STORIES:
The Estonian Hurricane
Slap Shot
Women’s Playoff Weekend
Top Notch Tampere Tech’! (with or without sausage?)
Diversity Milestone
FEATURES:
European NHL Players Lighting it Up
DEL Top-10 - Video Extravaganza!
Playoffs? We want Playoffs …
Name the Logo Contest
Quiz answer
Holy moly, this is your chance to …
The Estonian Hurricane
(via Risto)
While the hockey season 2020-21 will be remembered for many unusual things, Finnish hockey fans may have to add something they’ve never seen to the list.
An Estonian player winning the league goal scoring title.
Jyväskylä JYP’s forward Robert Rooba has scored 26 goals in 51 games this season, shattering his personal record (17) from two years ago. That’s enough for runner-up, two goals behind Sebastian Wennström with approximately ten games remaining.
Rooba, now 27, was only 14 when the Estonian under-18 national team’s Finnish coach Hannu Järvenpää suggested the talented kid go on a tryout in Espoo, Finland, on the other side of the Gulf of Finland.
“My Dad was assistant to Hannu who had the contacts with Espoo. And from Tallinn, Helsinki is also the easiest to get to,” he explains. Espoo borders Helsinki, while Tallinn is a two-hour ferry ride away from the Finnish capital.
“When they saw me play, they suggested I try out for the better team in Espoo, and when I made that team, we made a decision to move to Finland,” Rooba told Hockey Wanderlüst over the phone.
The “we” means Robert and his father Jüri.

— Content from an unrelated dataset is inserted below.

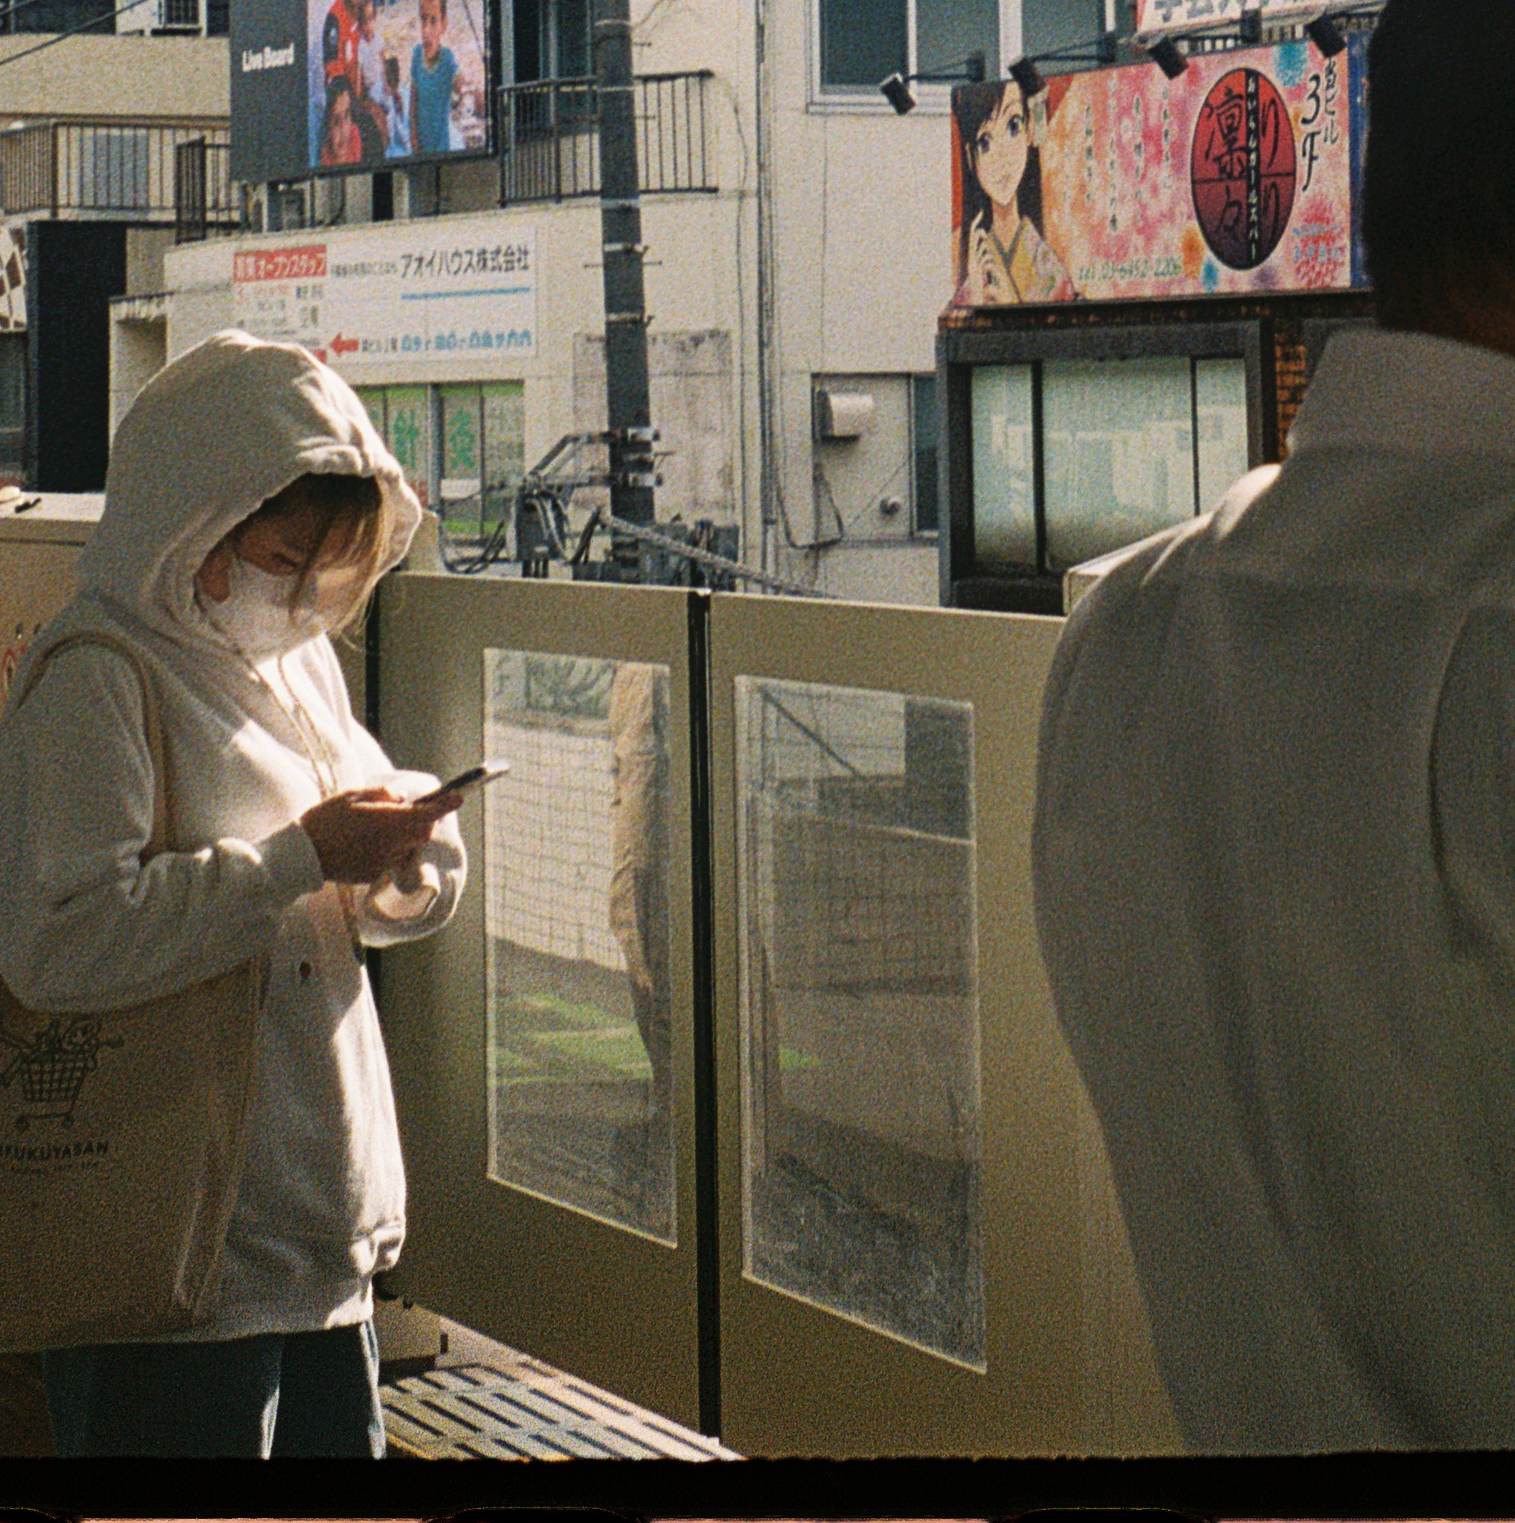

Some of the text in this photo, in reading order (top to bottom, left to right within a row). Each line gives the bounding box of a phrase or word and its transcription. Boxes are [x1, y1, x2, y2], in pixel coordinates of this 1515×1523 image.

[401, 244, 530, 278] アオイハウス株式会社

Robert’s mother, Agi, stayed behind. Her job was too good to be sacrificed. Jüri took the first job he could find, as a cab driver.

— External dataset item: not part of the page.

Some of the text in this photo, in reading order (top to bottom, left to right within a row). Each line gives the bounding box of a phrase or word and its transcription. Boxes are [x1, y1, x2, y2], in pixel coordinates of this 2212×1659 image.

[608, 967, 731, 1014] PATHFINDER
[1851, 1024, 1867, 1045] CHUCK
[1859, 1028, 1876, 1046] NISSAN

Robert thrived. The year after their move, he played in the under-18 and under-20 tournaments as well as the men’s Division 1 Worlds, and made his Liiga debut in 2012.
However, in his 117 games over five seasons with the Blues, he only scored six goals and 12 points, and when Blues was relegated from Liiga in 2016, Rooba signed with JYP.
The change in scenery meant a change in his game. He’s hit double-digit goal totals in each of his last four seasons.
“The explanation? I’ve worked hard and I’ve got a bigger role, more ice time,” says Rooba who’s averaged 19 minutes a game this season.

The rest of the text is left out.